**Problem requirements**. Skip the pictures and repeat each line of the data exactly.

[Dataset items]
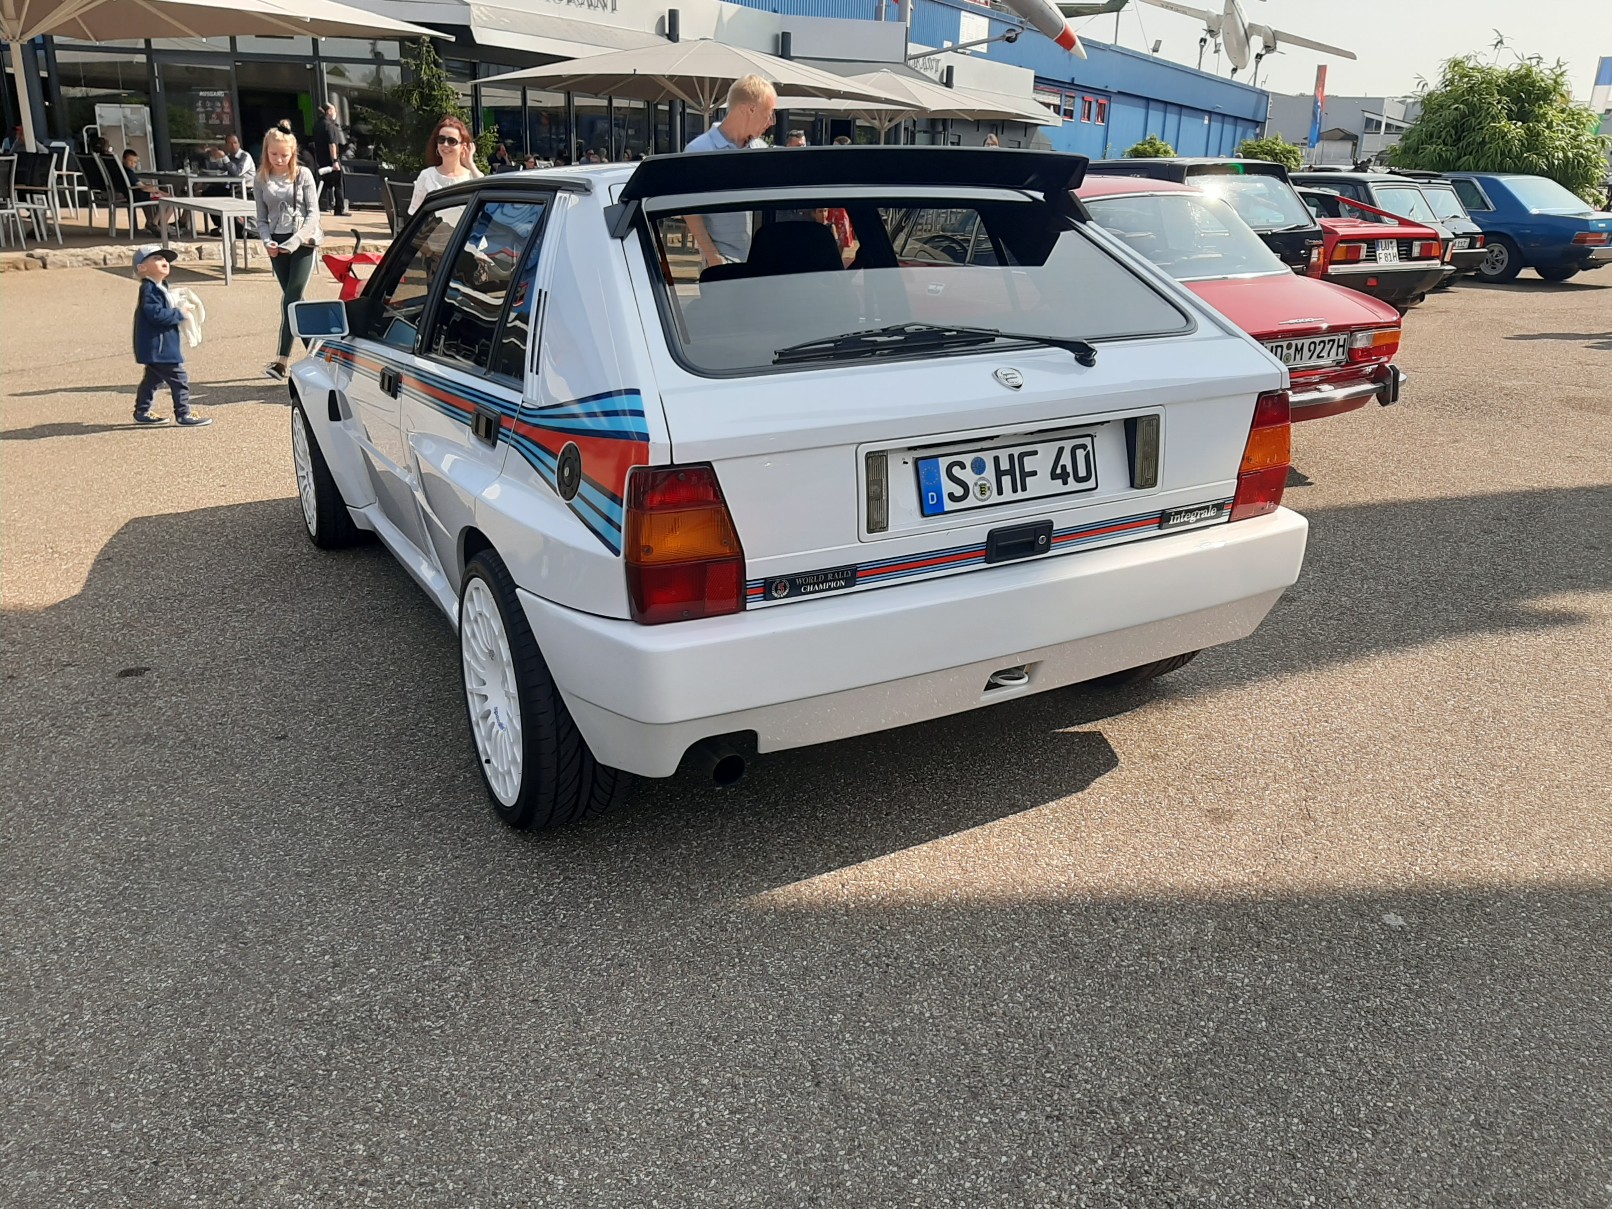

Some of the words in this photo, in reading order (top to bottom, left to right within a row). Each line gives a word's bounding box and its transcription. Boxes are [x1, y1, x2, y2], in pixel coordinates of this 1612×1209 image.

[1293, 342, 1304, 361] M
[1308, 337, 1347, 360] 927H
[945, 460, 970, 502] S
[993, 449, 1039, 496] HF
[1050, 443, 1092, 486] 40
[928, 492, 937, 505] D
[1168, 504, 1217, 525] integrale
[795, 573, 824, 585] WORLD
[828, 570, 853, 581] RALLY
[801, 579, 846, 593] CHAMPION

**Solved problem**.
Some of the words in this photo, in reading order (top to bottom, left to right within a row). Each line gives a word's bounding box and its transcription. Boxes are [x1, y1, x2, y2], in pixel coordinates of this 1612×1209 image.

[1293, 342, 1304, 361] M
[1308, 337, 1347, 360] 927H
[945, 460, 970, 502] S
[993, 449, 1039, 496] HF
[1050, 443, 1092, 486] 40
[928, 492, 937, 505] D
[1168, 504, 1217, 525] integrale
[795, 573, 824, 585] WORLD
[828, 570, 853, 581] RALLY
[801, 579, 846, 593] CHAMPION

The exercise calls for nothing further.